What is expected -> Print the data in full, exactly as it reads.

Data for the task ->
══════════

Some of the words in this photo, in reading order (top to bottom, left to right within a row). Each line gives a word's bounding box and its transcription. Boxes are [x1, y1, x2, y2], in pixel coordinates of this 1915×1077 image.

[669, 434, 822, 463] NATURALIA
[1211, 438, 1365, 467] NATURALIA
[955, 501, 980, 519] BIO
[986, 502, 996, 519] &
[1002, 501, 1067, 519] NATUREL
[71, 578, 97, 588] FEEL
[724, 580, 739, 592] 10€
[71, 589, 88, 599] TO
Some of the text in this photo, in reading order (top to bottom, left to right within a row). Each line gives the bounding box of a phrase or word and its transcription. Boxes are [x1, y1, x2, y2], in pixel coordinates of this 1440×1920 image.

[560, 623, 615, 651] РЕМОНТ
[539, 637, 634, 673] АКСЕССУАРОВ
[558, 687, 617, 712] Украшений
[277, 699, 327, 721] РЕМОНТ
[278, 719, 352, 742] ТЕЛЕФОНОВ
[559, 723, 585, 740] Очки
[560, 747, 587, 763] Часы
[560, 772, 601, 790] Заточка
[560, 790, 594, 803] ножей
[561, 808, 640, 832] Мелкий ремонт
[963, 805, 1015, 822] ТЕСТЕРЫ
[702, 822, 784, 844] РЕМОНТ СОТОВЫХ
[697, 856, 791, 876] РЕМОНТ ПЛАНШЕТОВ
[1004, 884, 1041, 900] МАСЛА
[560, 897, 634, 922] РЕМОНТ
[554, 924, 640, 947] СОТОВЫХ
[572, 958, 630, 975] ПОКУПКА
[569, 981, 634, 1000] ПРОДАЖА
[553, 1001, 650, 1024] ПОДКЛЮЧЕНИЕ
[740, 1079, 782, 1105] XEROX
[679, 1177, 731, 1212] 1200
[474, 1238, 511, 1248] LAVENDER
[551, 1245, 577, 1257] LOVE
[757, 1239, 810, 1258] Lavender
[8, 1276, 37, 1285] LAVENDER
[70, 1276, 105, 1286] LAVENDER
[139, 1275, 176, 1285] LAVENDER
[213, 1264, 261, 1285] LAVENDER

══════════

Task result ->
Some of the words in this photo, in reading order (top to bottom, left to right within a row). Each line gives a word's bounding box and its transcription. Boxes are [x1, y1, x2, y2], in pixel coordinates of this 1915×1077 image.

[669, 434, 822, 463] NATURALIA
[1211, 438, 1365, 467] NATURALIA
[955, 501, 980, 519] BIO
[986, 502, 996, 519] &
[1002, 501, 1067, 519] NATUREL
[71, 578, 97, 588] FEEL
[724, 580, 739, 592] 10€
[71, 589, 88, 599] TO
Some of the text in this photo, in reading order (top to bottom, left to right within a row). Each line gives the bounding box of a phrase or word and its transcription. Boxes are [x1, y1, x2, y2], in pixel coordinates of this 1440×1920 image.

[560, 623, 615, 651] РЕМОНТ
[539, 637, 634, 673] АКСЕССУАРОВ
[558, 687, 617, 712] Украшений
[277, 699, 327, 721] РЕМОНТ
[278, 719, 352, 742] ТЕЛЕФОНОВ
[559, 723, 585, 740] Очки
[560, 747, 587, 763] Часы
[560, 772, 601, 790] Заточка
[560, 790, 594, 803] ножей
[561, 808, 640, 832] Мелкий ремонт
[963, 805, 1015, 822] ТЕСТЕРЫ
[702, 822, 784, 844] РЕМОНТ СОТОВЫХ
[697, 856, 791, 876] РЕМОНТ ПЛАНШЕТОВ
[1004, 884, 1041, 900] МАСЛА
[560, 897, 634, 922] РЕМОНТ
[554, 924, 640, 947] СОТОВЫХ
[572, 958, 630, 975] ПОКУПКА
[569, 981, 634, 1000] ПРОДАЖА
[553, 1001, 650, 1024] ПОДКЛЮЧЕНИЕ
[740, 1079, 782, 1105] XEROX
[679, 1177, 731, 1212] 1200
[474, 1238, 511, 1248] LAVENDER
[551, 1245, 577, 1257] LOVE
[757, 1239, 810, 1258] Lavender
[8, 1276, 37, 1285] LAVENDER
[70, 1276, 105, 1286] LAVENDER
[139, 1275, 176, 1285] LAVENDER
[213, 1264, 261, 1285] LAVENDER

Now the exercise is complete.